Friday, July 10, 2026

In Lawsuit on Fed FOIA Denials on Enova Grasshopper Sept 10 Hearing as State AGs and Inner City Press Write Fed

SOUTH BRONX/SDNY, July 8 – The Federal Reserve and OCC are entertaining applications by Enova, the parent of high cost lender CashNetUSA, to acquire Grasshopper Bank, already deeply engaged in AI banking.

Inner City Press requested documents including the Federal Reserve's communications with Enova, under the Freedom of Information Act. The Fed denied the request, then on Inner City Press' appeal provided entirely redacted pages and a denial, which said if you don't agree, you can sue.

  Inner City Press did. Now on July 8, the Court has set an initial pretrial conference for September 10, 2026 at 9:30 am.
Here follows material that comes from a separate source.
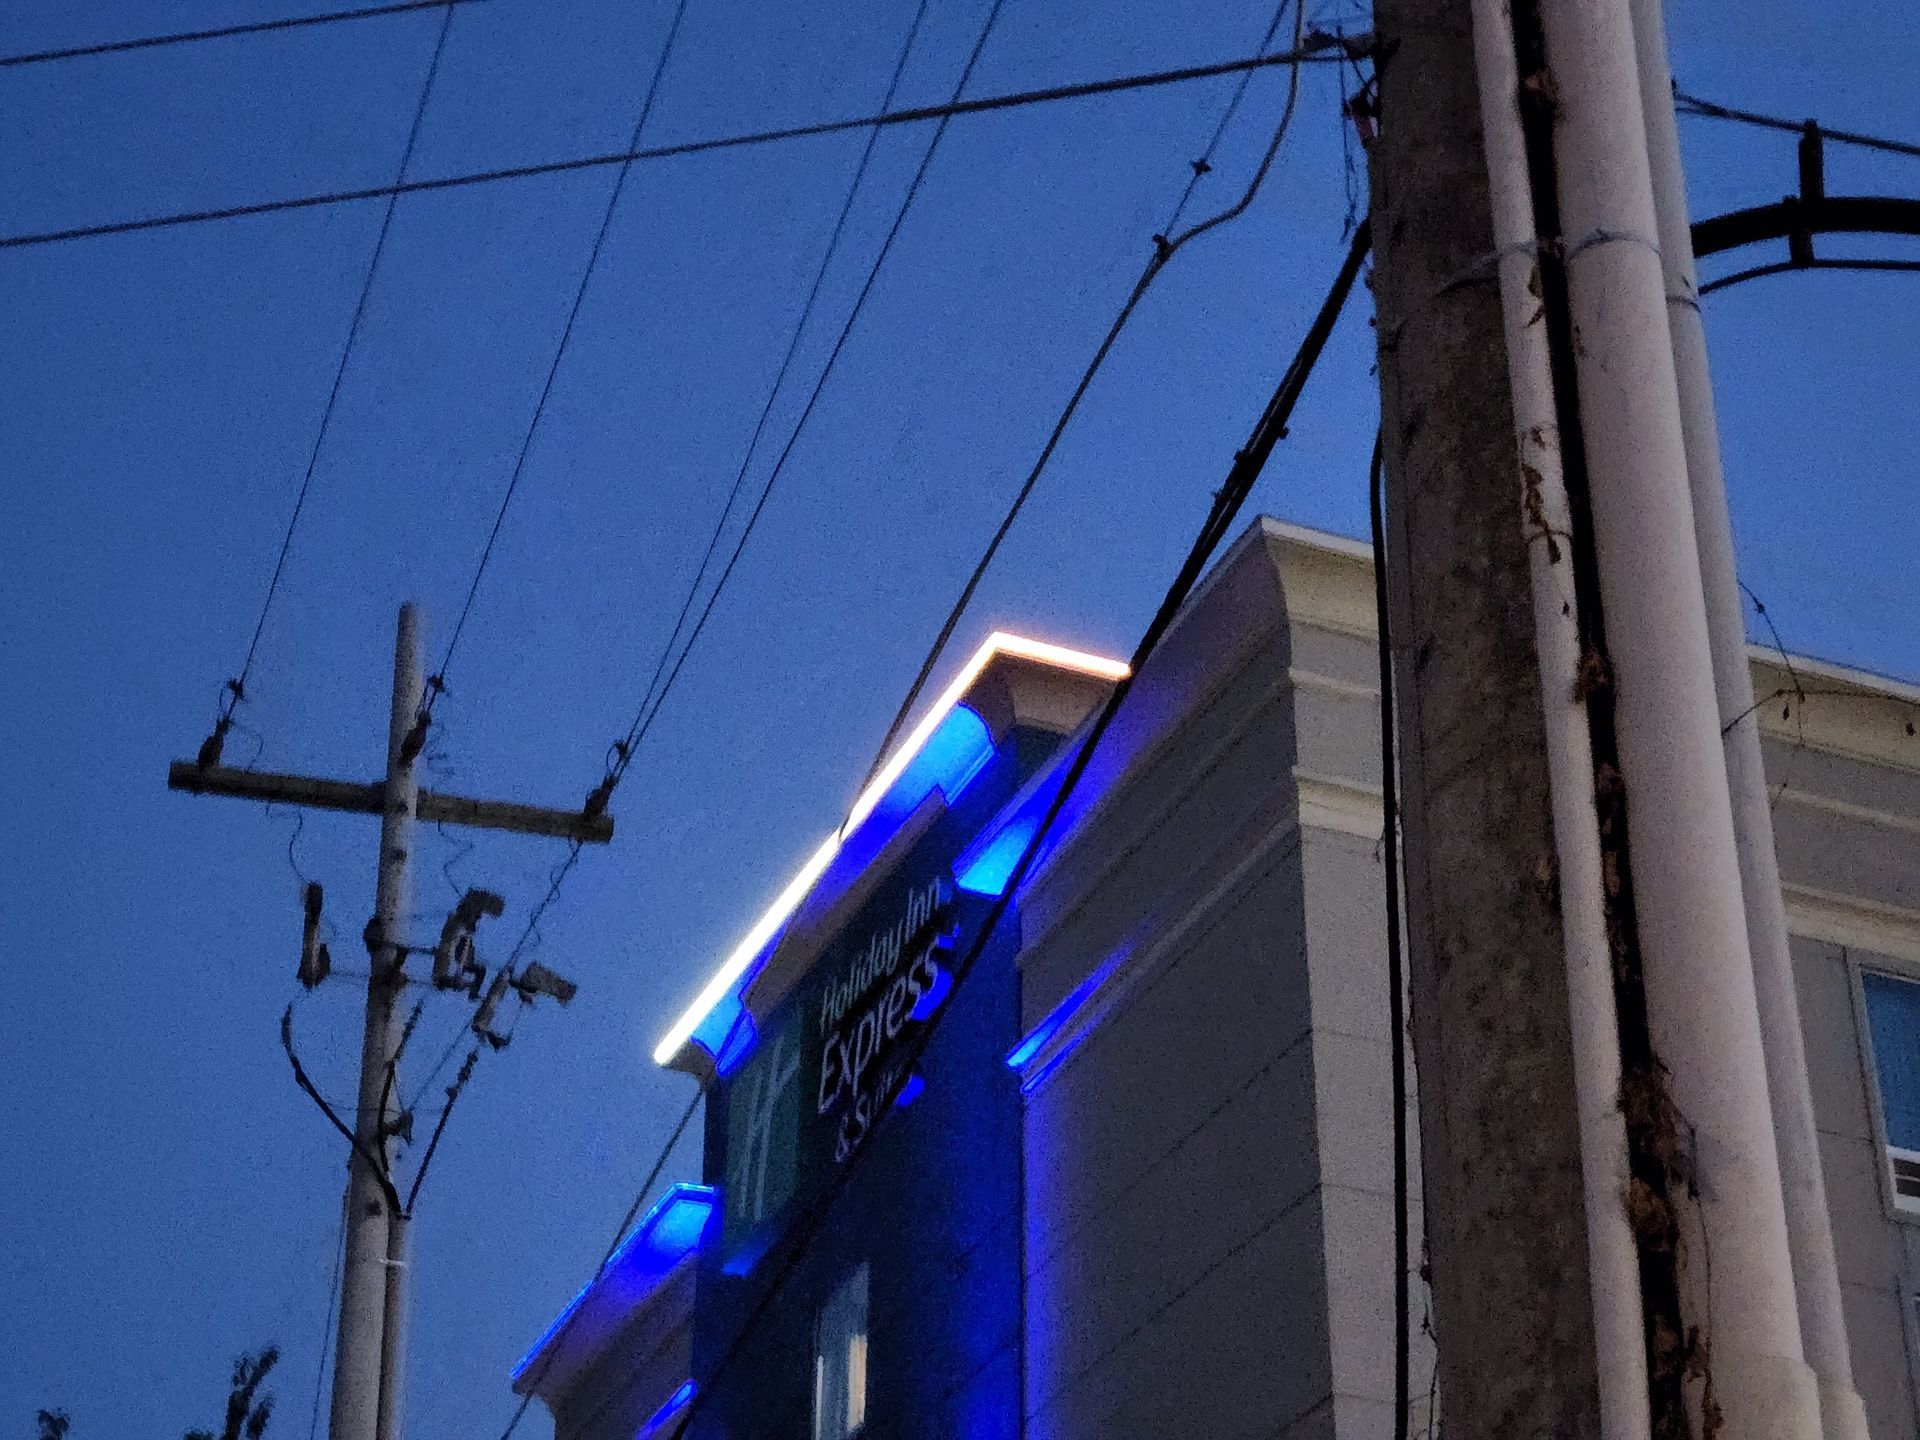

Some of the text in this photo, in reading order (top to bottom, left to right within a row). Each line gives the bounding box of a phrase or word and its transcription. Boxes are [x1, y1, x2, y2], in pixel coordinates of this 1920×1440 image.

  And on July 6, the Attorneys General of New York, California, Colorado, Connecticut, Illinois, Maine, Maryland, Massachusetts, Minnesota, Nevada, New Jersey, North Carolina, Oregon and Vermont, along with the Hawaii Office of Consumer Protection, wrote to the Fed's Benjamin McDonough demanding a public hearing and urging denial absent assurances that Enova's application "is not merely an effort to evade" state usury laws. Enova's CashNetUSA and NetCredit loans run to APRs above 200% — Enova's own example being a $600 loan repaid at nearly 300% APR — with charge-off rates over 50%. Congress overturned the OCC's "true lender" rule precisely to stop nonbanks from evading state usury caps through bank partnerships. And Enova proposes to move Grasshopper's headquarters from New York, whose usury limits bind it, to Utah, which has none. In the AGs' words, Enova "seeks to evade Congress and circumvent state limits on high-cost or usurious lending."
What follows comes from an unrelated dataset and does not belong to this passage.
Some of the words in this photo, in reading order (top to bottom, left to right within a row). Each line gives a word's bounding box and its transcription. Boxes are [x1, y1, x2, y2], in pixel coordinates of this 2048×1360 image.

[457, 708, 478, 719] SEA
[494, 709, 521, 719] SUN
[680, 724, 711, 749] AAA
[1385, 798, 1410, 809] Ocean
  Inner City Press / Fair Finance Watch on July 8 filed a supplemental comment to the Fed tying the threads together: the very concerns fifteen states' chief law enforcement officers raise — charter-based evasion, the Utah move, 50%-plus charge-offs funded by insured deposits — are presumably the subjects of the Fed's additional information letters to Enova. The letters the Fed has redacted in their entirety, down to its own questions. "In this context, the application should not be acted on other than denial. And, again, the Additional Information letter should be released. This is especially true given the new letter by state Attorneys General. The Fed should consider that letter - and this one."
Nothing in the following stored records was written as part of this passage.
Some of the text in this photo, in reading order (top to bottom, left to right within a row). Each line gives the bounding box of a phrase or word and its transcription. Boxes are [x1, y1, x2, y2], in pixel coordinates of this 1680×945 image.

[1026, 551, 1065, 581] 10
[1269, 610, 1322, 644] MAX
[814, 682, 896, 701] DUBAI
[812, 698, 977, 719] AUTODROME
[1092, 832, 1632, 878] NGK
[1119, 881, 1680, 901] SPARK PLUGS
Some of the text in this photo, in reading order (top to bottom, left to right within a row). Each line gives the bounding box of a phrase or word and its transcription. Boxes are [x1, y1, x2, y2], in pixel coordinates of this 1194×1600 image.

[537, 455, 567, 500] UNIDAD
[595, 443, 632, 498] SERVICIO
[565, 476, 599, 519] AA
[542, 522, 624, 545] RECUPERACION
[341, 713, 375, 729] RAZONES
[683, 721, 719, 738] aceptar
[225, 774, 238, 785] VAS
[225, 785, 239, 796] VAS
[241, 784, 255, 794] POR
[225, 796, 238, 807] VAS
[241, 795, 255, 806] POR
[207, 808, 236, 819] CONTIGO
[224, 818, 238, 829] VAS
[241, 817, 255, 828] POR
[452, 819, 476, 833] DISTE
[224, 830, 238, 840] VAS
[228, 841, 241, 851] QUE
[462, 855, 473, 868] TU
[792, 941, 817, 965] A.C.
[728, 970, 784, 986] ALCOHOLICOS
Among with the denial, the Fed sent Inner City Press entirely redacted pages from its Additional Information letter to Enova, which we put on our DocumentCloud here

Inner City Press has now filed a FOIA lawsuit against the Fed for its communications with Enova - copy of complaint, which went live on PACER on June 1, on now on CourtListener, here.
   After the Fed had been mailed the complaint, and its lawyers told about it by email, on June 6 Grasshopper Bank filed to remove to SDNY a case filed against it by its former Compliance Officer, who alleged discrimination including false charges of having "taken an extended trip to Egypt," and said it was untrue. And discriminatory. The case is 26-cv-4795; the FOIA case is 26-cv-4556.